PROBLEM TO WORK ON — Repeat the entries below exactly, pictures excluded.
------------------------
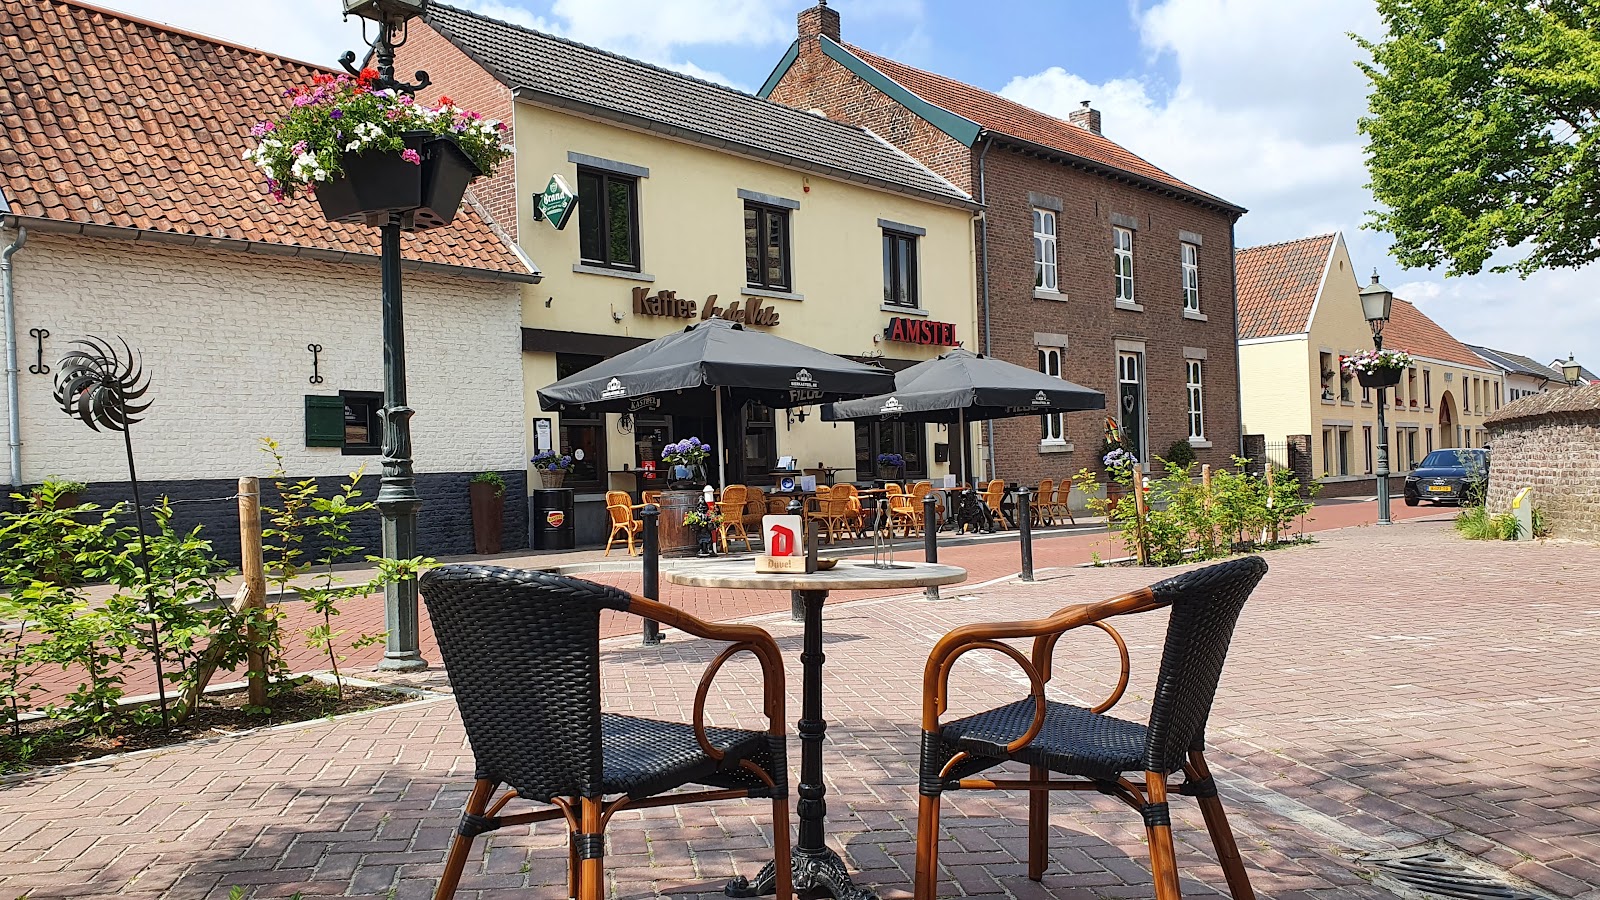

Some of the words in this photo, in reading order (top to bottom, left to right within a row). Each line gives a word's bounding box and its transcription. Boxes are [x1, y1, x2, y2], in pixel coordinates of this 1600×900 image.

[543, 191, 565, 205] Brand
[632, 287, 697, 318] Kaffee
[889, 317, 960, 347] AMSTEL
[767, 558, 792, 569] Duvel
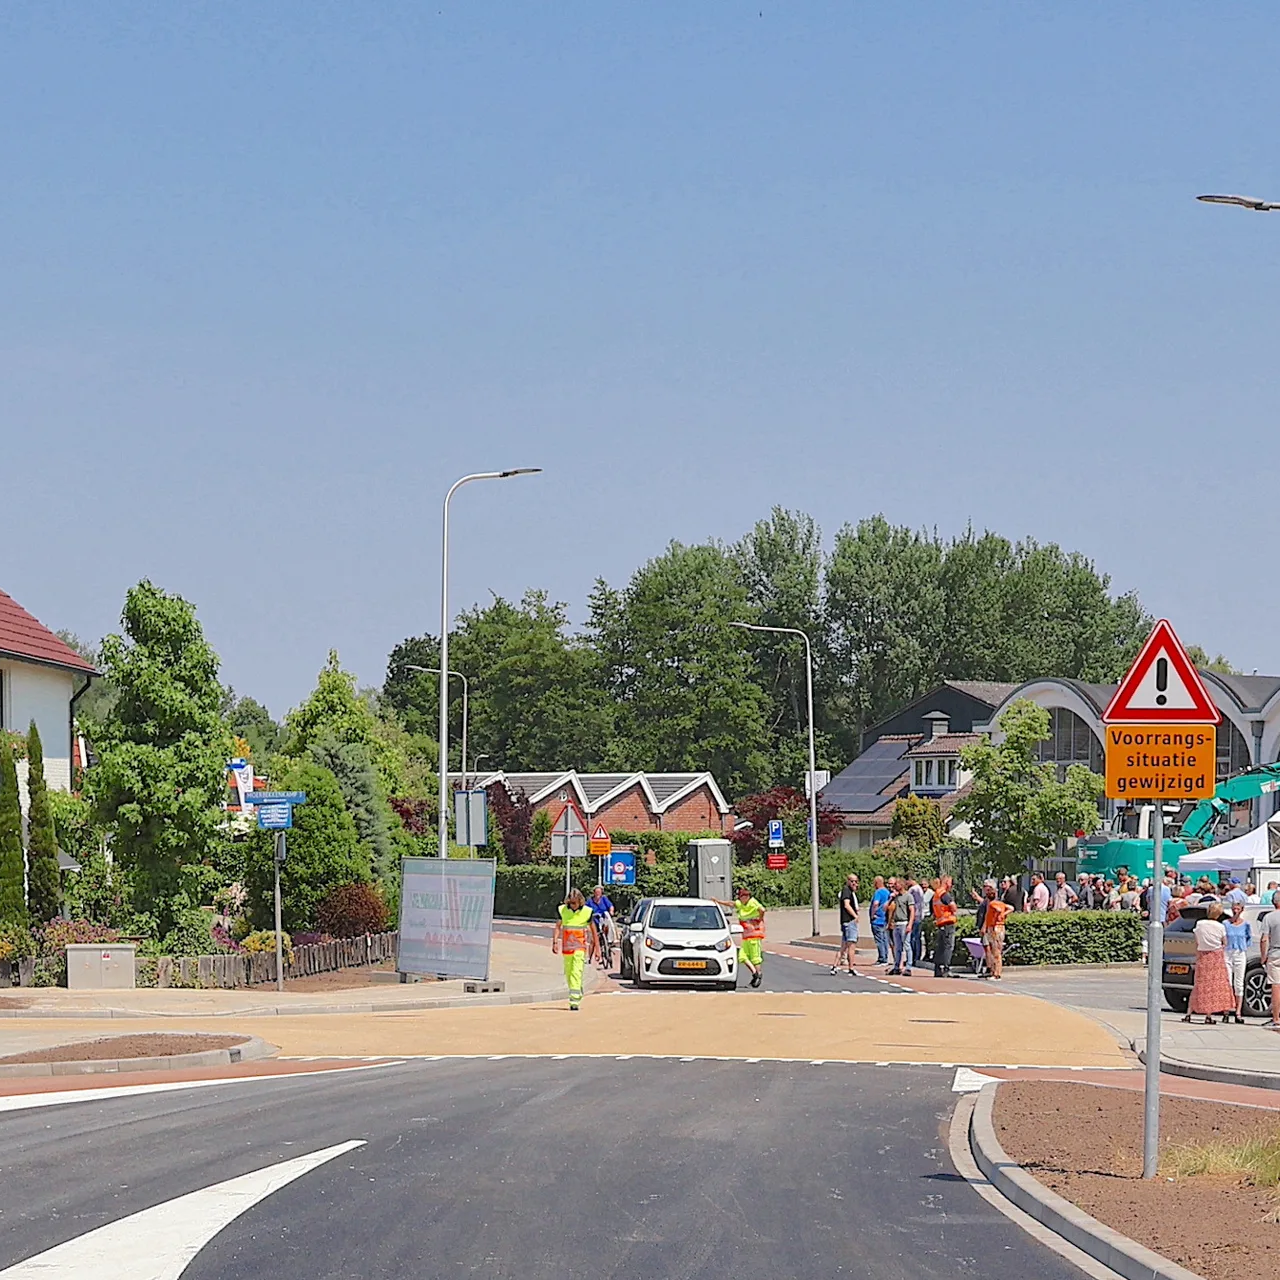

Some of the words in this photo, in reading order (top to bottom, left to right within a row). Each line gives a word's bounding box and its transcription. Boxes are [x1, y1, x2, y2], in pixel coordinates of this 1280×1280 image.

[1111, 730, 1212, 749] Voorrangs-
[1126, 752, 1196, 767] situatie
[1117, 774, 1205, 792] gewijzigd
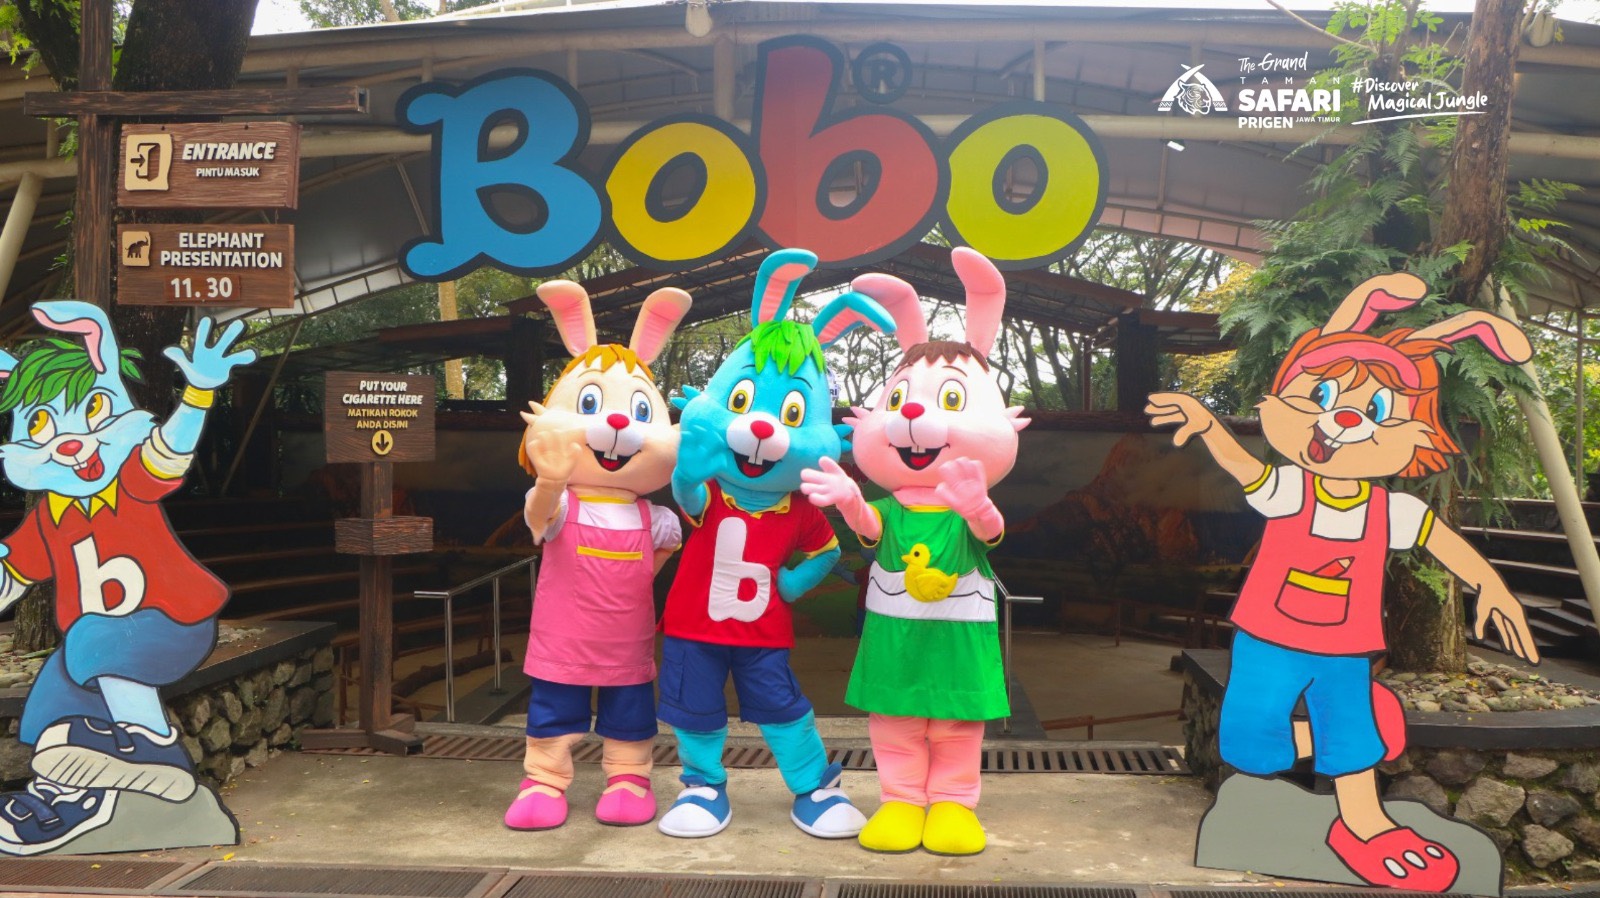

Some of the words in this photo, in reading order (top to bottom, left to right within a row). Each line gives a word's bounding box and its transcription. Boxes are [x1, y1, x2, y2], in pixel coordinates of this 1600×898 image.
------------------------
EXPECTED ANSWER —
Some of the words in this photo, in reading order (top to bottom, left to right within a row). Each line gives a word's bounding box and its transcription. Boxes are [x1, y1, x2, y2], in pixel coordinates of this 1600×900 image.

[543, 191, 565, 205] Brand
[632, 287, 697, 318] Kaffee
[889, 317, 960, 347] AMSTEL
[767, 558, 792, 569] Duvel

Some of the words in this photo, in reading order (top to bottom, left to right within a row). Each line gives a word's bounding box and its transcription. Boxes are [x1, y1, x2, y2], in pixel coordinates of this 1280×1280 image.

[1111, 730, 1212, 749] Voorrangs-
[1126, 752, 1196, 767] situatie
[1117, 774, 1205, 792] gewijzigd

Some of the words in this photo, in reading order (top to bottom, left to right within a row). Each line gives a word's bounding box and its transcription. Boxes are [x1, y1, x2, y2], in pixel coordinates of this 1600×898 image.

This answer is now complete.